We can use trust regions for Bayesian optimization in much the same way as we used EGO and EI in the introduction notebook. Since the setup is very similar to that tutorial, we’ll skip over most of the detail.

[2]:
import trieste
from trieste.objectives import Branin

branin = Branin.objective
search_space = Branin.search_space

num_initial_data_points = 10
initial_query_points = search_space.sample(num_initial_data_points)
observer = trieste.objectives.utils.mk_observer(branin)
initial_data = observer(initial_query_points)
2024-11-05 17:30:50,424 INFO util.py:154 -- Missing packages: ['ipywidgets']. Run `pip install -U ipywidgets`, then restart the notebook server for rich notebook output.
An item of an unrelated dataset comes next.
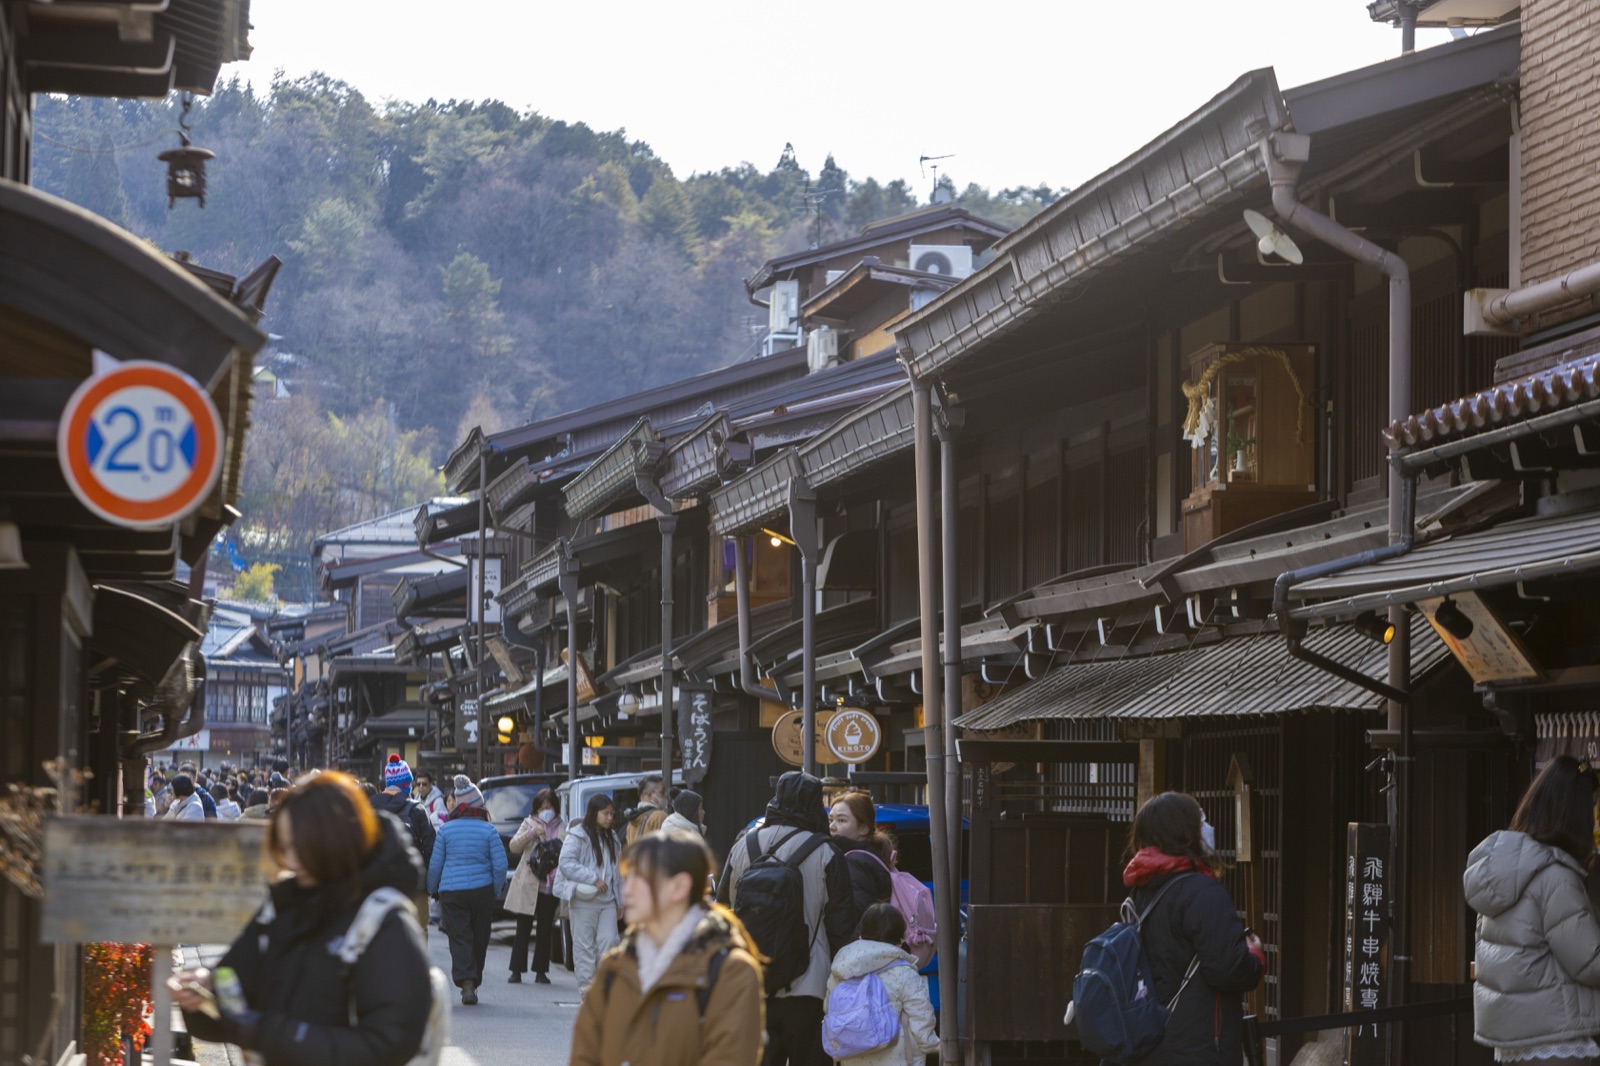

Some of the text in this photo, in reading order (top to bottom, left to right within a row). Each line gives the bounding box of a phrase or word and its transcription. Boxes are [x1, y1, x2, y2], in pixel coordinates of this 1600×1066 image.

As usual, we’ll use Gaussian process regression to model the function. Note that we set the likelihood variance to a small number because we are dealing with a noise-free problem.

[3]:
from trieste.models.gpflow import GaussianProcessRegression, build_gpr


def build_model():
    gpflow_model = build_gpr(
        initial_data, search_space, likelihood_variance=1e-7
    )
    return GaussianProcessRegression(gpflow_model)

Trust region TREGO acquisition rule#

First we demonstrate how to run Bayesian optimization with the TREGO algorithm, which alternates between regular EGO steps and local steps within one trust region (see [DPRP22]).

Create TREGO rule and run optimization loop#

We can run the Bayesian optimization loop by defining a BayesianOptimizer and calling its optimize method with the trust region rule. Once the optimization loop is complete, the optimizer will return one new query point for every step in the loop; that’s 5 points in total.

The trust region rule is created by instantiating the concrete BatchTrustRegionBox class. This is a “meta” rule that manages the acquisition from multiple possible regions by applying a base-rule to each region. The default base-rule is EfficientGlobalOptimization, but a different base-rule can be provided as an argument to BatchTrustRegionBox. Here we explicitly set it to make usage clear.

The regions themselves are implemented as separate classes. The TREGO algorithm in this example requires a single region that alternates between the full search space and the trust region. This is achieved by creating one instance of the TREGOBox class, which is responsible for managing the state, initialization and update of the region.

[4]:
trego_acq_rule = trieste.acquisition.rule.BatchTrustRegionBox(
    trieste.acquisition.rule.TREGOBox(search_space),
    rule=trieste.acquisition.rule.EfficientGlobalOptimization(),
)
bo = trieste.bayesian_optimizer.BayesianOptimizer(observer, search_space)

num_steps = 5
result = bo.optimize(
    num_steps, initial_data, build_model(), trego_acq_rule, track_state=True
)
dataset = result.try_get_final_dataset()
Optimization completed without errors

Visualizing TREGO results#

Let’s take a look at where we queried the observer, the original query points (crosses), new query points (dots) and the optimum point found (purple dot), and where they lie with respect to the contours of the Branin function.

[5]:
from trieste.experimental.plotting import plot_bo_points, plot_function_2d


def plot_final_result(_dataset: trieste.data.Dataset) -> None:
    arg_min_idx = tf.squeeze(tf.argmin(_dataset.observations, axis=0))
    query_points = _dataset.query_points.numpy()
    _, ax = plot_function_2d(
        branin,
        search_space.lower,
        search_space.upper,
        grid_density=40,
        contour=True,
    )

    plot_bo_points(query_points, ax[0, 0], num_initial_data_points, arg_min_idx)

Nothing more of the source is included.